When is a good economy not a good economy?


Why isn't President Bush getting credit for the booming economy?

The reason is simple: the average American isn't benefiting. In fact, in significant ways, we seem to be going backward even as the positive economic numbers pour it.

Wages aren't going up, and employers are cutting back on fringe benefits- including one of the basic necessities, health insurance. This is not a scenario which lends to a perception of prosperity. And for those of us without health insurance, it is also a scenario which attacks our quality of life in a direct, obvious, and deadly serious way: it often means going without needed medications and maybe even basic health care.

As resistant as I am to the notion of single-payer national healthcare such as Canada and Great Britain have (Canadians, for example, die waiting for routine diagnostic tests their system simply can't make widely available; every system rations health care in some way). something is going to have to be done to ensure that not just lower income people, but average working Americans, have access again to adequate health care. If the customary role of employers in providing adequate health insurance (or alternatively wages astronomically higher than otherwise so that people can buy it themselves, a far less likely scenario) is going to go by the boards, then some other solution isn going to have to be found. One thing is certain: it will soon be politically impossible to avoid a clamor for a solution in which government plays a prominent role not only for senior citizens, but for all of us.

Avoiding the Canadian/British single-payer model- the one most of the industrialized world has adopted- is going to mean coming up with a practical alternative.

Comments

Anonymous said…
Mr. Waters,

I call your attention to these ideas regarding healthcare costs.
Anonymous said…
When is a good economy not a good economy?

Do you really want to know?
Better than nothing, I suppose. But it does very little to get most people who are without coverage due to cutbacks by employers covered.

Tax credits are great. But the cost of non-group health insurance is astronomical. Rep. Paul deserves credit for trying, but his suggestion doesn't even begin to be an answer to the problem.
Anonymous said…
I hesitate to comment on subjects where my knowledge is limited, but I wanted to throw this in.

Your point about "the cost of non-group health insurance" is key. The cost of insurance goes down as the pool of insured goes up, and then only if the pool includes more healthy people.

Unhealthy people, acting rationally, will try to sign up for insurance. Healthy people, acting rationally, will try to avoid this. There's the rub.

Insurance companies prefer healthy (low-cost) patients, and will compete for them. For the not-so-healthy, it's not-so-fun.

Some non-full-disclosure here: I am not a healthy person. I have a chronic condition that can be addressed with ongoing treatments. Even these treatments do not preclude the chance of developing related complications. So I pay more for medical expenses than most; and in the future, those costs are likely to increase.

It's a genetic thing, nary a thing I could do to prevent it.

Now, as I see it, that's the consumer's cost. The "price" of the care is the other factor. I have no idea how to even begin looking at controlling that.

- Scott H
I'm also in pretty much the same boat, Scott. And so is my wife.

Especially for those of us in that boat, the experience of being without health insurance when you need to be on several different medications is not a good one. The experience of having a mere doctor's visit be a major expense isn't particularly enjoyable, either.

Right now I'm on one of about seven or eight different medications I should be on, and some of the things that are going unaddressed are potentially life-threatening. There are hundreds of thousands of Americans in the same boat. Some sort of solution is going to have to be found.

Inefficiency aside, people are understandably reluctant to pay other people's medical bills through taxes. Gov. Romney has suggested requiring people to have health insurance, and billing or even garnishing the wages of people who "can afford" health insurance, don't have it, and use public facilities instead.
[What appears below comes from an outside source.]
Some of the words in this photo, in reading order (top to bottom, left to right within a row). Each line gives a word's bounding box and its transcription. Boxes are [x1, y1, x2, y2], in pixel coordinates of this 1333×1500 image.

I'm not sure who decides who can afford what, and the idea of billing or garnishing the wages of people who are trying to make ends meet for basic health care strikes me as rather heartless.

I really don't know what the answer is, but I do know that enough people are suffering the consequences of the current situation that it just isn't going to be politically possible for very long not to address it.
Anonymous said…
My payroll-deduction for my employer-based healthcare went up almost 1300% last year.

That is not a typo.

Admittedly, the deduction was absurdly low. Now it appears to be more-or-less equitable with other insurance. But another increase like that and I'll have to look seriously at reducing my coverage. And with that would come a commensurate increased risk of complications.
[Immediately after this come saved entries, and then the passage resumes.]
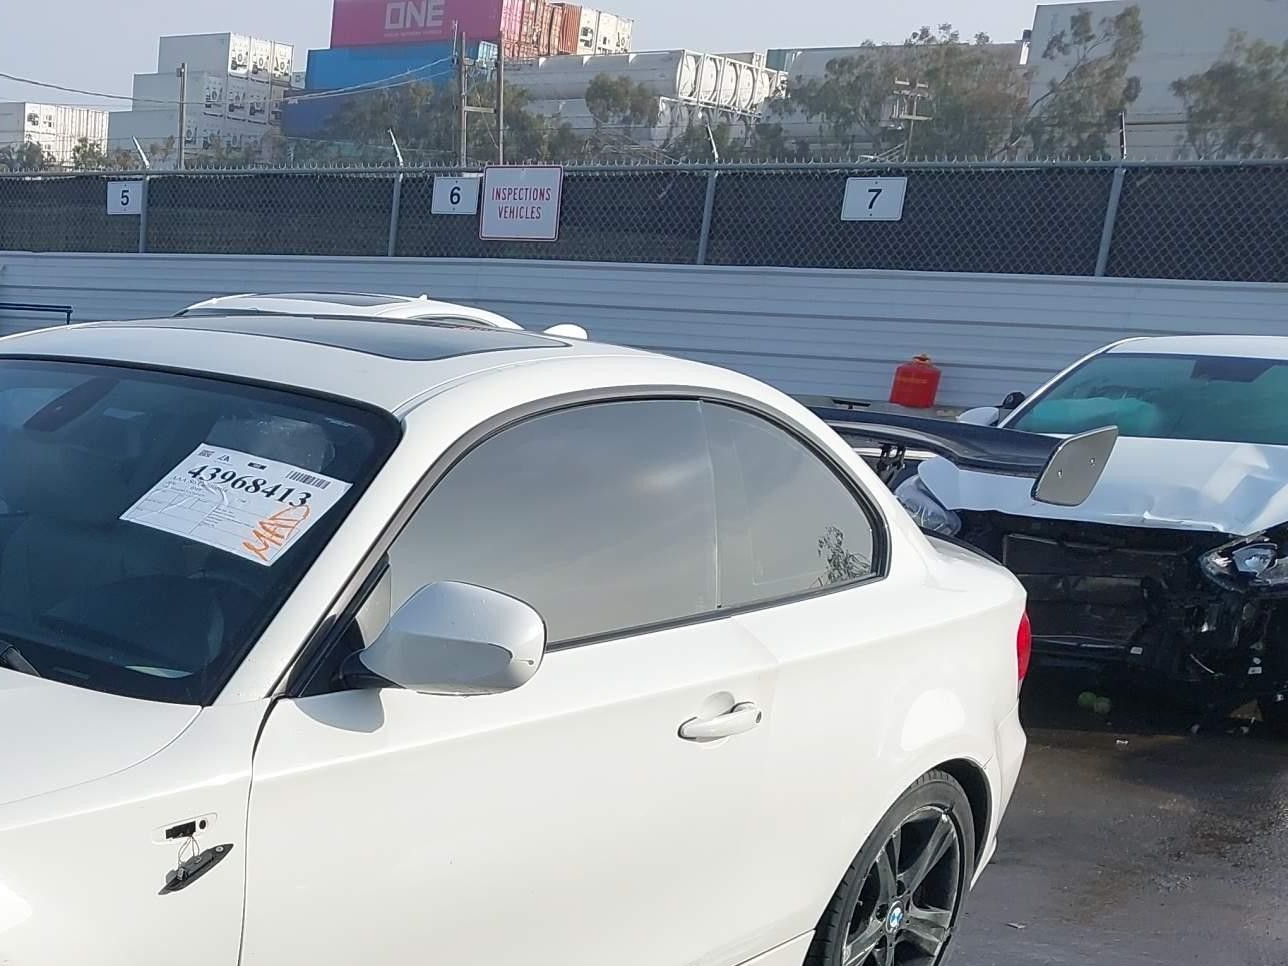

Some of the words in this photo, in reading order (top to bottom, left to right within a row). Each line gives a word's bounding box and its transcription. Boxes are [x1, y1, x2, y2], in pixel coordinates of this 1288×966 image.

[384, 0, 445, 29] ONE
[120, 189, 130, 206] 5
[449, 186, 461, 205] 6
[491, 187, 552, 201] INSPECTIONS
[868, 188, 882, 210] 7
[497, 205, 542, 219] VEHICLES
[187, 464, 313, 508] 43968413
Aside from that, I'm sorry to hear of your situation. Please know that your are in my thoughts and prayers.

I hope that Mitt Romney's experiment provides some better indication of how we might improve the current situation. In this we agree: the current situation is not sustainable.

- Scott H
That was an indeed a remarkable- though not entirely germane- rant you linked to, Steve.
Anonymous said…
That was an indeed a remarkable- though not entirely germane- rant you linked to, Steve.

Me?

This would be the second time you called me Steve. I'm Jeff.